The scholars — Philip Munz, Ioan Hudea, Joe Imad, and Robert J. Smith — are from Carlton University and the University of Ottawa. They developed what is surprisingly “the first mathematical analysis of an outbreak of zombie infection.” The article will be published as Chapter 4 in the soon to be released book “Infectious Disease Modeling Research Progress.”
While obviously not realistic, their analysis “demonstrates… how modeling can respond to a wide variety of challenges in biology.”
The link between their work and biological attacks, pandemics, and related public health threats to the United States is an obvious one.
Why zombies matter to homeland security
The authors describe their basic model for zombie infection, discuss equilibria and stability issues, and then suggest conditions under which eradication of the zombie infection can occur. Based on their analysis, they conclude “only quick, aggressive attacks can stave off the doomsday scenario: the collapse of society as zombies overtake us all.”
The chapter starts by discussing the origins of zombies in the Afro-Caribbean spiritual belief system of “Vodou.” But the idea of the zombie dates back at least to the Middle Ages, and has appeared in the cultures of China, Japan, the Pacific, India, Persia, Arabia, and the Americas.
As the reader familiar with the concept may recall, zombies have no will of their own. Their heart and lungs and all their body functions operate at minimal levels, at least according to the traditional view.
Modern zombies are very different from voodoo and folklore zombies. Contemporary zombies are mindless monsters who do not feel pain and who have an immense appetite for flesh. They have a particular hunger for human brains (as the disturbing video at this link illustrates).
A zombie’s objective is to kill, eat or infect people. When a susceptible person is bitten by a zombie, it leaves an open wound contaminated by saliva, thus infecting the susceptible individual.
Informed speculation suggests the saliva disrupts oxygen flow to the brain. The lack of oxygen seems to be the specific mechanism that turns otherwise normal people into zombies.
Consequently in the few cases of zombie-ism that have been adjudicated by courts, authorities have concluded that because the zombies suffer from brain damage, they cannot be held accountable for the havoc they cause.
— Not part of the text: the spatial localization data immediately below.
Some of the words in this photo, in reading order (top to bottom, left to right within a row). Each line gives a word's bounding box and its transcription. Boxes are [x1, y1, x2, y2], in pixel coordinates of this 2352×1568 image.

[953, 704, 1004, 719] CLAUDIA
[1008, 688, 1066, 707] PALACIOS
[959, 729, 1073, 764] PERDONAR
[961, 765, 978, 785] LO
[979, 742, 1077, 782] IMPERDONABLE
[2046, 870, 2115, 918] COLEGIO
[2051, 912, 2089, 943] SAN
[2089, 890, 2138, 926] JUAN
This clearly has hampered — but not eliminated — the search for effective prevention and mitigation strategies. Here is where the Canadian team makes its, probably inadvertent, but still foundational contribution to Homeland Security
Summary of the argument
In Section 2 of their paper, the authors outline the basic model describing how — like a deadly virus — zombies grow and increase (please see Figure 1, where S are those who are susceptible to attack, Z are the zombies, and R are those who have been “removed” but who can return to the arena after an encounter with Z). The authors correctly note their model is “slightly more complicated than the basic SIR [susceptible, infected, and removed] models that usually characterize infectious diseases.”
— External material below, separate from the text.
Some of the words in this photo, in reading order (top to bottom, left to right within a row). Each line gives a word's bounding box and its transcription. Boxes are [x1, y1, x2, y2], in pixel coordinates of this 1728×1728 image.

The authors discouragingly find that from the perspective of their basic model, “In a short outbreak, zombies will likely infect everyone.”
The remainder of the article discusses strategies available for dealing with a zombie attack:
- Section 3 (The basic model, with time latency),
- Section 4 (The model, plus quarantine),
- Section 5 (The model incorporating a cure for zombie-ism), and
- Section 6 (Rapid and aggressively escalated destruction of zombies)
The interested reader can view the full analysis of each variation by downloading the original paper here. I found the math to be slightly impenetrable (see the figure below for an example). But the authors’ conclusions are starkly clear:
“An outbreak of zombies infecting humans is likely to be disastrous, unless extremely aggressive tactics are employed against the undead. While aggressive quarantine may eradicate the infection, this is unlikely to happen in practice. A cure would only result in some humans surviving the outbreak, although they will still coexist with zombies. Only sufficiently frequent attacks, with increasing force, will result in eradication, assuming the available resources can be mustered in time.”

The authors acknowledge the key difference between their model and traditional views of infectious disease is in their model “the dead can come back to life.”
They admit their scenario is unrealistic if taken literally, “but possible real-life applications [of their model] may include allegiance to political parties,… diseases with a dormant infection,” and — one might add — a zombie-like commitment to certain beliefs, attitudes, policies, and organizational arrangements.
The article ends by summarizing the strategic implications of the analysis:
“A zombie outbreak is likely to lead to the collapse of civilization, unless it is dealt with quickly. While aggressive quarantine may contain the epidemic, or a cure may lead to coexistence of humans and zombies, the most affective way to contain the rise of the undead is to hit hard and hit often. As seen in the movies, it is imperative that zombies are dealt with quickly, or else we are all in a great deal of trouble.”